(WHAT YOU WILL DO) Write out exactly, please, the lines from the one containing "Some of the text" to the end of the material.
####
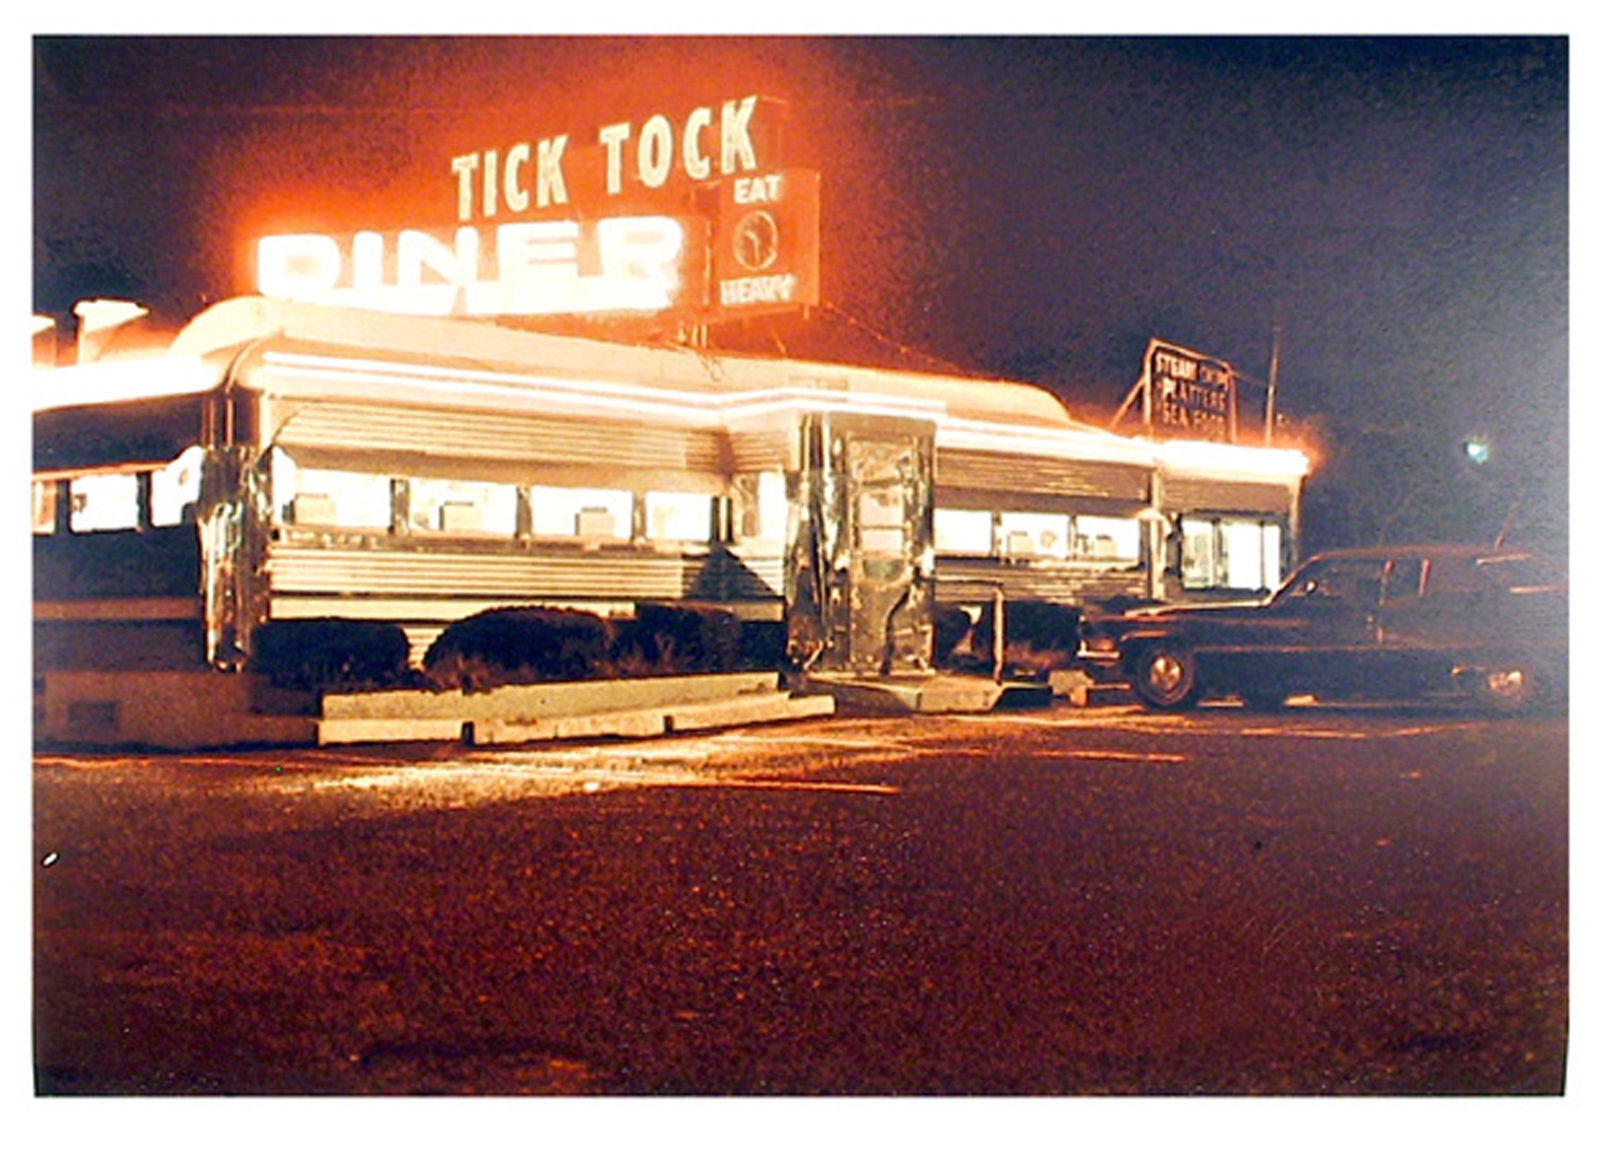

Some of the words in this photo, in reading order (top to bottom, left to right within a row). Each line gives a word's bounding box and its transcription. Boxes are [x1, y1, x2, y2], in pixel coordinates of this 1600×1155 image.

[452, 134, 569, 221] TICK
[599, 95, 757, 195] TOCK
[734, 173, 783, 204] EAT
[257, 215, 684, 302] DINER
[720, 273, 796, 306] HEAVY
[1162, 401, 1190, 428] SEA
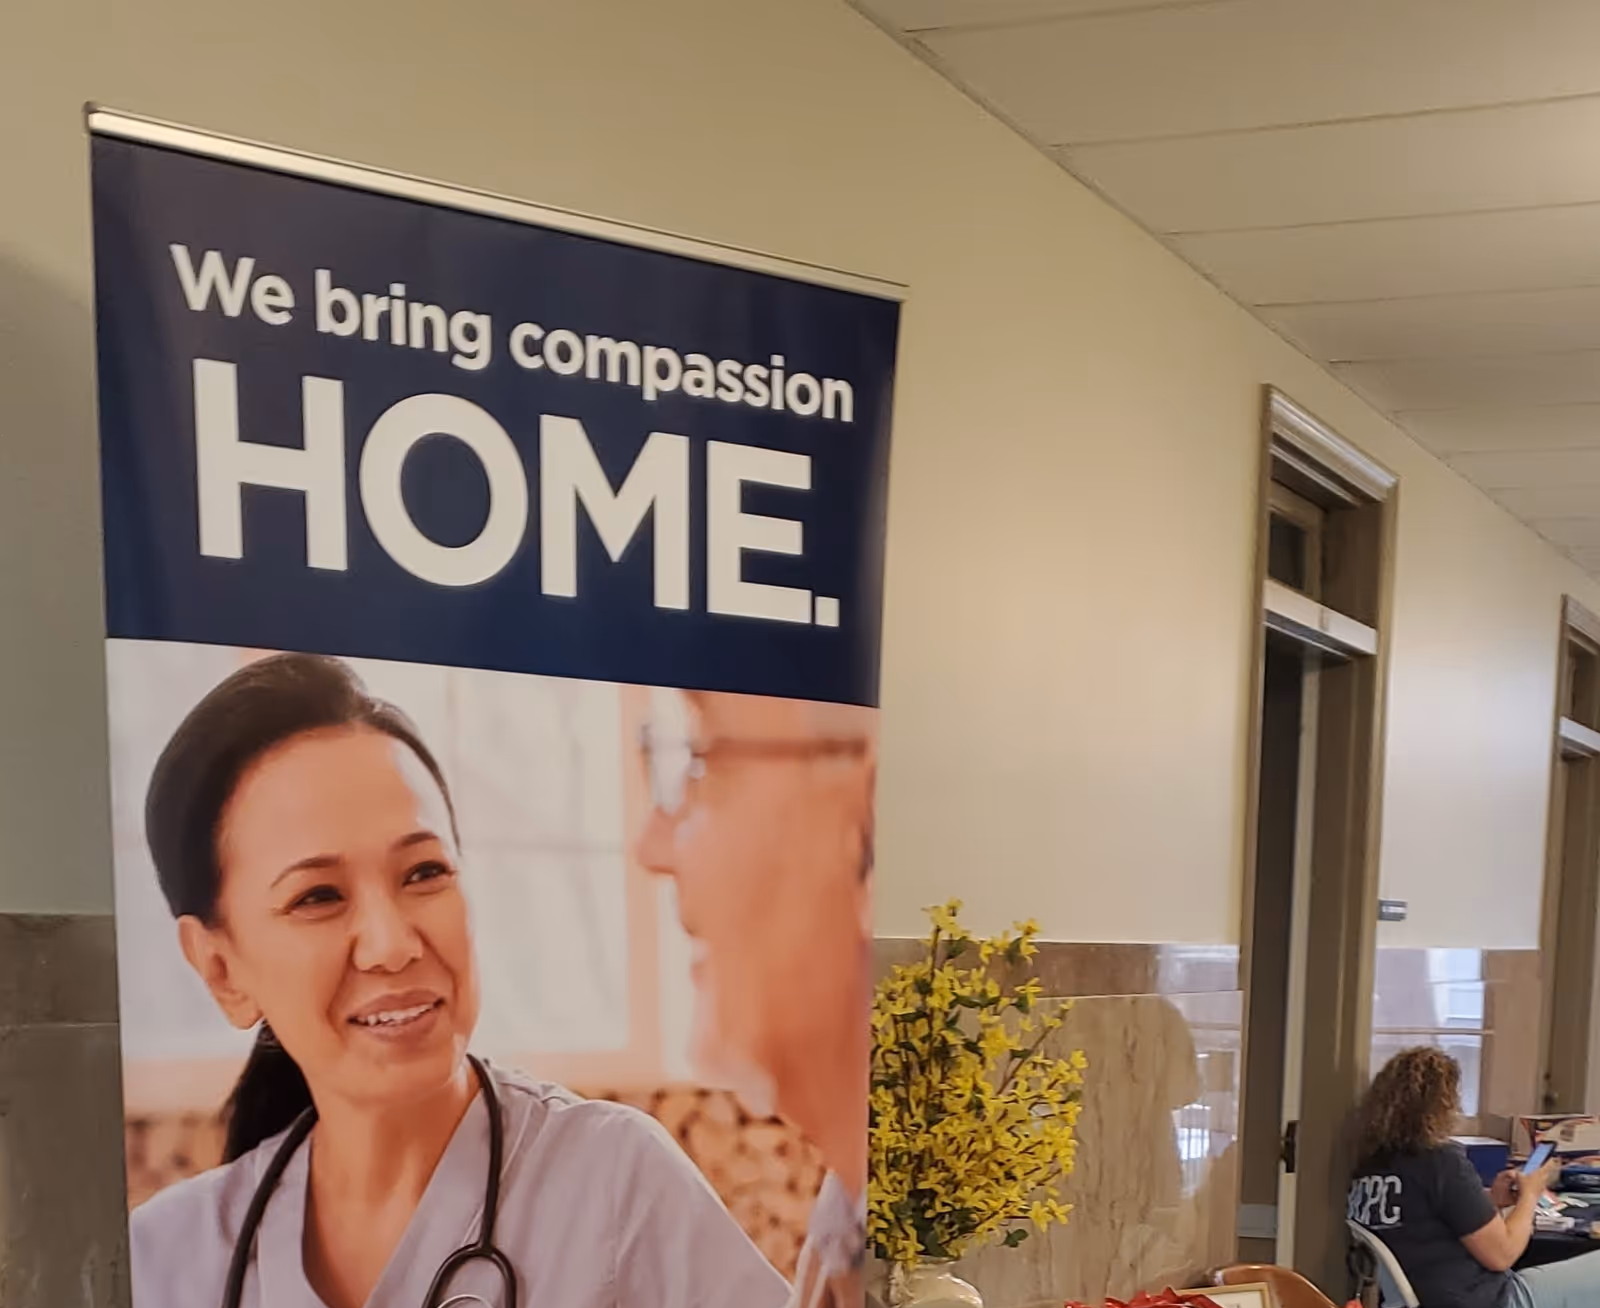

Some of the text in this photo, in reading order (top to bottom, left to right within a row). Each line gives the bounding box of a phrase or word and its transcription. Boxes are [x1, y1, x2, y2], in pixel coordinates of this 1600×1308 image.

[168, 243, 854, 423] We bring compassion
[192, 357, 840, 628] HOME.
####
(RESPONSE TO THE EXERCISE)
Some of the text in this photo, in reading order (top to bottom, left to right within a row). Each line gives the bounding box of a phrase or word and its transcription. Boxes are [x1, y1, x2, y2], in pixel coordinates of this 1600×1308 image.

[168, 243, 854, 423] We bring compassion
[192, 357, 840, 628] HOME.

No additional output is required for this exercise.